One day, after hearing a broadcast report about bombs and war, she was so overcome by fright that she couldn't tell her parents what was wrong. Finally, she grabbed a globe and pointed at what was then the Soviet Union.

Her mother held her close and told her not to worry, telling that she and her father would protect her from harm.

"I knew even then it was a lie. I'm lighting this candle for a world that some day it won't be a lie."

Stuart was among 40 people who attended an interfaith service Sunday afternoon in the Skaggs Memorial Chapel at Salt Lake's First Baptist Church to commemorate the lives of Utahns who were sickened or have died as a result of exposure to radiation from nuclear tests. The service, held in observance of the second-annual Day of Remembrance for Downwinders, was sponsored by the Utah Campaign to Abolish Nuclear Weapons.

The service included prayers, music, personal remembrances and the lighting of candles.

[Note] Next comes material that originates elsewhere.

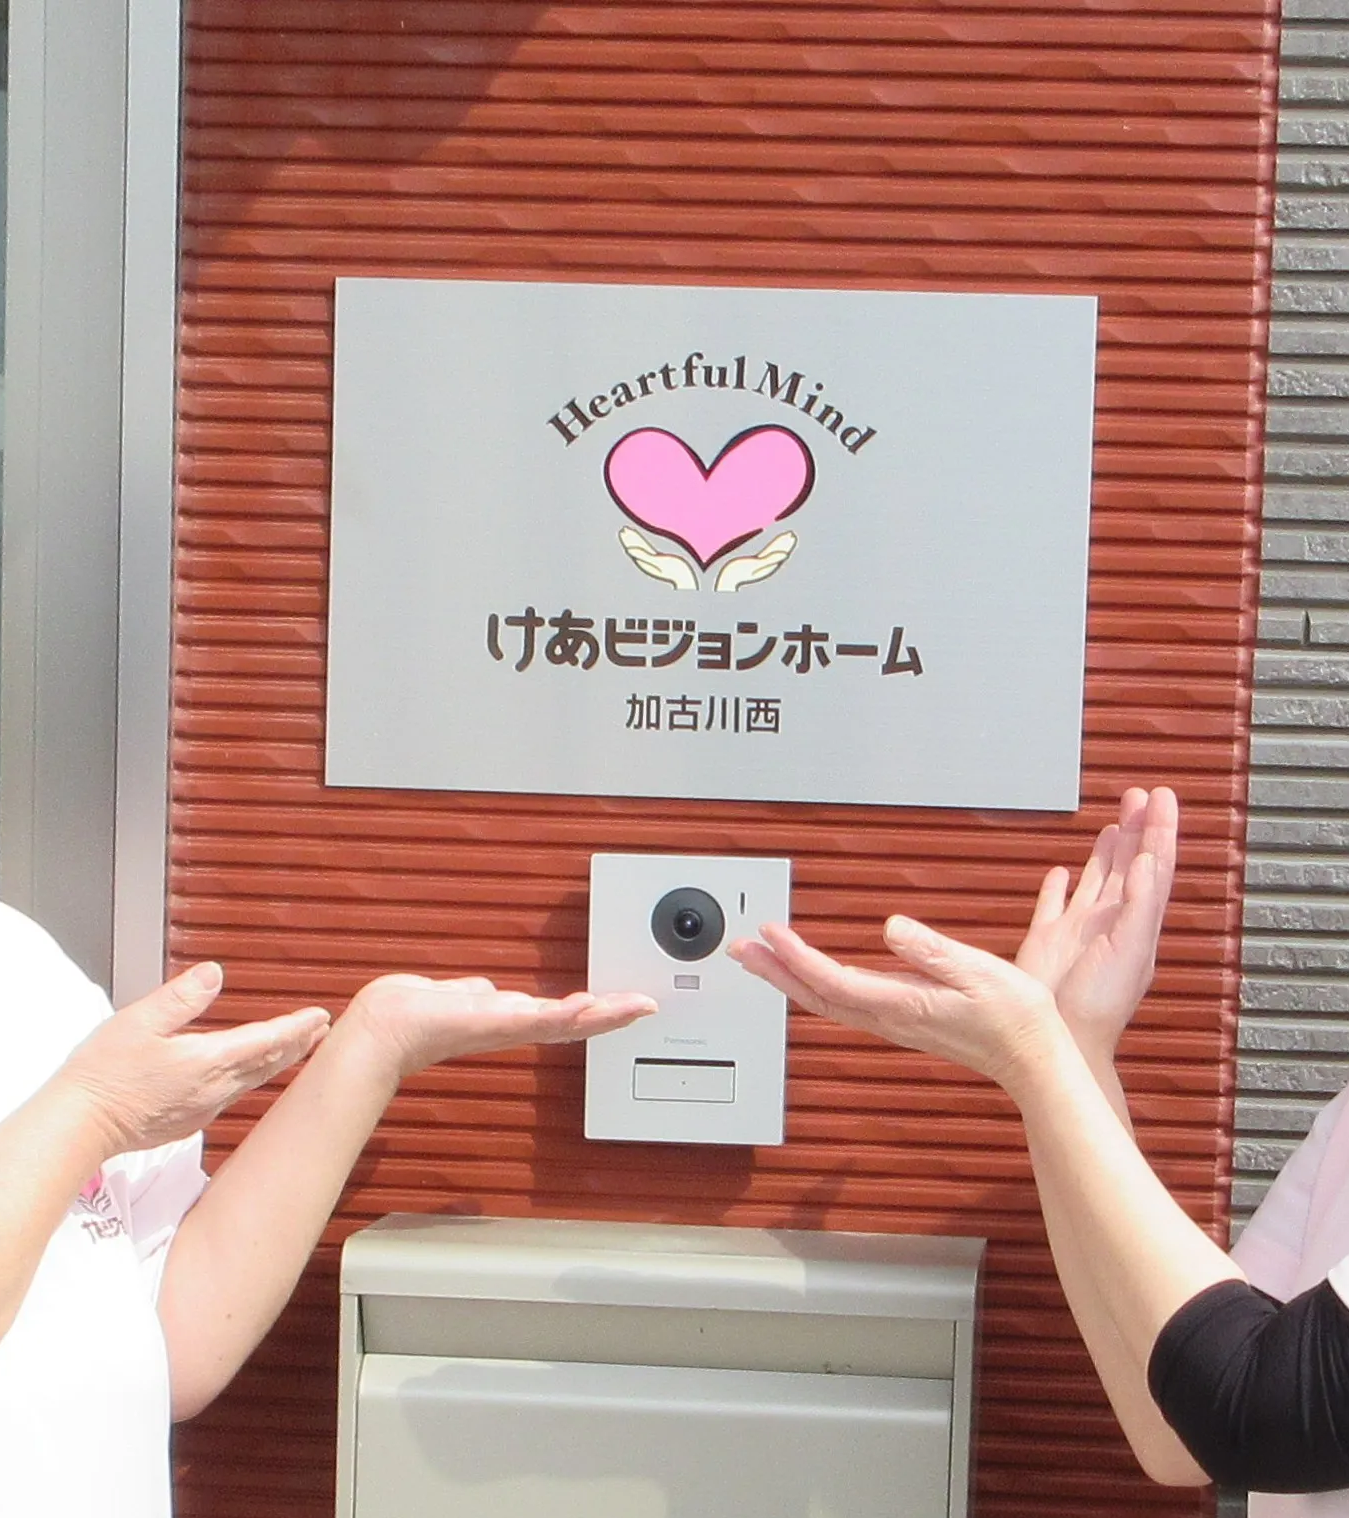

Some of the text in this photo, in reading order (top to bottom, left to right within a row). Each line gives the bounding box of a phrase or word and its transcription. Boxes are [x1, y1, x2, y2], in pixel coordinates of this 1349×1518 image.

[546, 352, 878, 456] Heartful Mind
[487, 606, 924, 677] けあビジョンホーム
[625, 694, 782, 734] 加古川西

Among those in attendance was former Utah first lady Norma Matheson, whose husband Gov. Scott Matheson died in 1990 at age 61 of multiple myeloma, a cancer blamed on living downwind of the Nevada Test Site.

Nuclear fallout, particularly iodine-131, has been found not only in southern Utah and Arizona but also in northern Utah and as far away as Iowa and New York, according to a 1997 study by the National Cancer Institute.

Many Utahns share a long history of "being touched by nuclear testing," she said. "We still don't know all the effects of the testing."

Ali Sadler recounted the story of her grandparents, who lived in St. George. When a radio announcer instructed residents to seek shelter while the federal government conducted a nuclear test at the Nevada site, her grandfather Howard scoffed at his wife's insistence that he come in the house.

"He said, 'Oh, Roma, the government would never hurt us.'

"I light this candle for that to be said again and it to be completely true," Sadler said.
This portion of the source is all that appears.